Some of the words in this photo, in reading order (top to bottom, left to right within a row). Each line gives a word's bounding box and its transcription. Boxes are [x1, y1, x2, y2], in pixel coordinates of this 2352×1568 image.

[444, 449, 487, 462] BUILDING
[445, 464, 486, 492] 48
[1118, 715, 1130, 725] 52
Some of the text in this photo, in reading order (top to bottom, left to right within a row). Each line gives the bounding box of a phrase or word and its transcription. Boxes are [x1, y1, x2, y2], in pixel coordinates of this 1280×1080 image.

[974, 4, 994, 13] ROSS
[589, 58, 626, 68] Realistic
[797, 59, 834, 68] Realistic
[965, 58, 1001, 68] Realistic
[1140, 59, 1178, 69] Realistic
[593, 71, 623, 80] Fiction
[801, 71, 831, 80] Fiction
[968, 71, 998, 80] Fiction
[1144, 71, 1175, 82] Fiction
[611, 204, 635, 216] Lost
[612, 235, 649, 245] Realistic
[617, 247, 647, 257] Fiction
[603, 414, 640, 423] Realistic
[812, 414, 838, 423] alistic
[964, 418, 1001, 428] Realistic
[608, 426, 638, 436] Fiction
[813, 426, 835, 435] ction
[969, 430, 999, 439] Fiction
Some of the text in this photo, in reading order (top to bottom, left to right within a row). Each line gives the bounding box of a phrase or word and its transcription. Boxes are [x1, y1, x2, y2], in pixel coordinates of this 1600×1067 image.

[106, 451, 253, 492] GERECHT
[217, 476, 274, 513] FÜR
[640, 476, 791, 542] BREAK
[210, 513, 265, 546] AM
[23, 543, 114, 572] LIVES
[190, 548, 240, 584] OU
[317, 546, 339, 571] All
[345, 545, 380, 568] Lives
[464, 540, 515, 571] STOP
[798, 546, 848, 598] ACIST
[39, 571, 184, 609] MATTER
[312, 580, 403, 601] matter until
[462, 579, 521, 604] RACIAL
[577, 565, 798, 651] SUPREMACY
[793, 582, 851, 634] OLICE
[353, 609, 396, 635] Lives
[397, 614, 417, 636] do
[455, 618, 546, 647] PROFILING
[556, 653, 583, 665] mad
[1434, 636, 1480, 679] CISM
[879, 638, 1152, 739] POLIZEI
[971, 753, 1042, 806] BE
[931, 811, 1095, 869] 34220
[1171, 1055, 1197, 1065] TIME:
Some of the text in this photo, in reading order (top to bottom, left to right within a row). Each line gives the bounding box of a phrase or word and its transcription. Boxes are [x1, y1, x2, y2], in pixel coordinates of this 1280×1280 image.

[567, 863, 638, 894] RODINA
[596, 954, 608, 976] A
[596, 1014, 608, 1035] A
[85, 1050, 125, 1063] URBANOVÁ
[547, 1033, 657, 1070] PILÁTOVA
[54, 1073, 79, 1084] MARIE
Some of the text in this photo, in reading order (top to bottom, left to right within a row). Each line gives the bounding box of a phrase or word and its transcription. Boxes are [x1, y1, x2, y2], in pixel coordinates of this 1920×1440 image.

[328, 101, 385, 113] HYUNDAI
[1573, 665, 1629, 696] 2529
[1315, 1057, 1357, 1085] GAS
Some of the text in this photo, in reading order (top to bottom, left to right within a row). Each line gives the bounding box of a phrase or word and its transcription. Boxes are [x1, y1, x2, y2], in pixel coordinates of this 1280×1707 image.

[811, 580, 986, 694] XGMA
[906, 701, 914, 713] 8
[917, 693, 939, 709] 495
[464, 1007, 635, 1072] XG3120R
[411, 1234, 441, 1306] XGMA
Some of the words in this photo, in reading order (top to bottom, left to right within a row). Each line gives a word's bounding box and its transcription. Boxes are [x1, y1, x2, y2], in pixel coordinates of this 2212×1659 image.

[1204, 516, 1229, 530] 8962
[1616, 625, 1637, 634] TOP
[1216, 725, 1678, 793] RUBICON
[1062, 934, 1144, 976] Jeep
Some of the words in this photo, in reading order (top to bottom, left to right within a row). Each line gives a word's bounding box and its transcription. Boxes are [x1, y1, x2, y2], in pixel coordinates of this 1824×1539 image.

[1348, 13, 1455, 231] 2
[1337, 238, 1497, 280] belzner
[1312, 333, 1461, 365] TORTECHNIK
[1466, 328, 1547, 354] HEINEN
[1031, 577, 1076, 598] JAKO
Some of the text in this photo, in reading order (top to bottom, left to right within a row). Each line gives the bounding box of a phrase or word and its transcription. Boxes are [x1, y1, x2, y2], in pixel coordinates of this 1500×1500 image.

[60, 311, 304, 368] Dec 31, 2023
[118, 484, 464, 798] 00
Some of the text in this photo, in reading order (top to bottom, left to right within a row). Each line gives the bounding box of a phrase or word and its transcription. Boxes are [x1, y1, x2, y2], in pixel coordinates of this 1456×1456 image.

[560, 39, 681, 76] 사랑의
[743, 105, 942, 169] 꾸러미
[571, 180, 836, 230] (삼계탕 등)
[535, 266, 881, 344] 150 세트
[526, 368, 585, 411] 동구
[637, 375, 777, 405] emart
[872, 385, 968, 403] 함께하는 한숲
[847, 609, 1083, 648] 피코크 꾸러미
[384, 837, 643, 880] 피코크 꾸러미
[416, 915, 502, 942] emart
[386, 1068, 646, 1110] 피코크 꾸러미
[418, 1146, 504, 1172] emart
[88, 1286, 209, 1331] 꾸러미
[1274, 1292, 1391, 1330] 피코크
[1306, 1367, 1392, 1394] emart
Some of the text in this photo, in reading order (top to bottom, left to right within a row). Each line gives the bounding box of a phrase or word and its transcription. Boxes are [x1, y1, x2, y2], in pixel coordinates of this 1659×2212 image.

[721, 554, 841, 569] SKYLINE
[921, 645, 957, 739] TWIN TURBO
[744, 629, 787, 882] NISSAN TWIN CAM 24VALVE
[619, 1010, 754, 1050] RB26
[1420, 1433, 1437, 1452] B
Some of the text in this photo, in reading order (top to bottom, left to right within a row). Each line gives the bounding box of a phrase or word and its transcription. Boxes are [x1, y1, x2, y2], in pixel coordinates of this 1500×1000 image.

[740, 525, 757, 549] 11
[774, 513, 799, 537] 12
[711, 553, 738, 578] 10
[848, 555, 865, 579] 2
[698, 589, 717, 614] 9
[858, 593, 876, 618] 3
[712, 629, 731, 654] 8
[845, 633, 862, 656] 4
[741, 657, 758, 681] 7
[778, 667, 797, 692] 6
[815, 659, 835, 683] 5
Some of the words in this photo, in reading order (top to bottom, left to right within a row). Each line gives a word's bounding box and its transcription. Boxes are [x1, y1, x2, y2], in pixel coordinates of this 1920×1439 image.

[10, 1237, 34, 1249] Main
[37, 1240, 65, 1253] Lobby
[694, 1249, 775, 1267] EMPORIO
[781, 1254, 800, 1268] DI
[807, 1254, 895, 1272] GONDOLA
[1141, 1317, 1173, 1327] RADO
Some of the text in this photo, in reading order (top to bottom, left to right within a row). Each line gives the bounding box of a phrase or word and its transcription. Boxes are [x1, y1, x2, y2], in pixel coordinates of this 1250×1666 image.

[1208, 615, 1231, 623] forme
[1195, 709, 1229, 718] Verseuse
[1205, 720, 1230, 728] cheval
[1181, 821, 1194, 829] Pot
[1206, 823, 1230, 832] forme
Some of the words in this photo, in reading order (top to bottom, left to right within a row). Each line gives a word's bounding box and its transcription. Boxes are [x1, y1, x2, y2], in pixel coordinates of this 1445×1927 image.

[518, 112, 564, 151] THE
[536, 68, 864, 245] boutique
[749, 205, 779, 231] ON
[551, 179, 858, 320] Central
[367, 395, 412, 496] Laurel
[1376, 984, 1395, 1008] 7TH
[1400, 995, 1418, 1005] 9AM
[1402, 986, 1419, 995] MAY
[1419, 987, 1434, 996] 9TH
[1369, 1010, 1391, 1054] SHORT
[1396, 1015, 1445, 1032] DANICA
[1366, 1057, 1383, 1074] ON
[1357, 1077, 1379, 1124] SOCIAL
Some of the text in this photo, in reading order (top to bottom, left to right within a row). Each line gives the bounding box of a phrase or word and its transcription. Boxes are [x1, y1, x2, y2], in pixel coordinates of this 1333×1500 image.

____

> [Work required]: Set down the lines from the one with "this 1445×1927 image." through the end of the data above. Keep each exactly as written and add no other line.

> [Your solution]:
Some of the words in this photo, in reading order (top to bottom, left to right within a row). Each line gives a word's bounding box and its transcription. Boxes are [x1, y1, x2, y2], in pixel coordinates of this 1445×1927 image.

[518, 112, 564, 151] THE
[536, 68, 864, 245] boutique
[749, 205, 779, 231] ON
[551, 179, 858, 320] Central
[367, 395, 412, 496] Laurel
[1376, 984, 1395, 1008] 7TH
[1400, 995, 1418, 1005] 9AM
[1402, 986, 1419, 995] MAY
[1419, 987, 1434, 996] 9TH
[1369, 1010, 1391, 1054] SHORT
[1396, 1015, 1445, 1032] DANICA
[1366, 1057, 1383, 1074] ON
[1357, 1077, 1379, 1124] SOCIAL
Some of the text in this photo, in reading order (top to bottom, left to right within a row). Each line gives the bounding box of a phrase or word and its transcription. Boxes are [x1, y1, x2, y2], in pixel coordinates of this 1333×1500 image.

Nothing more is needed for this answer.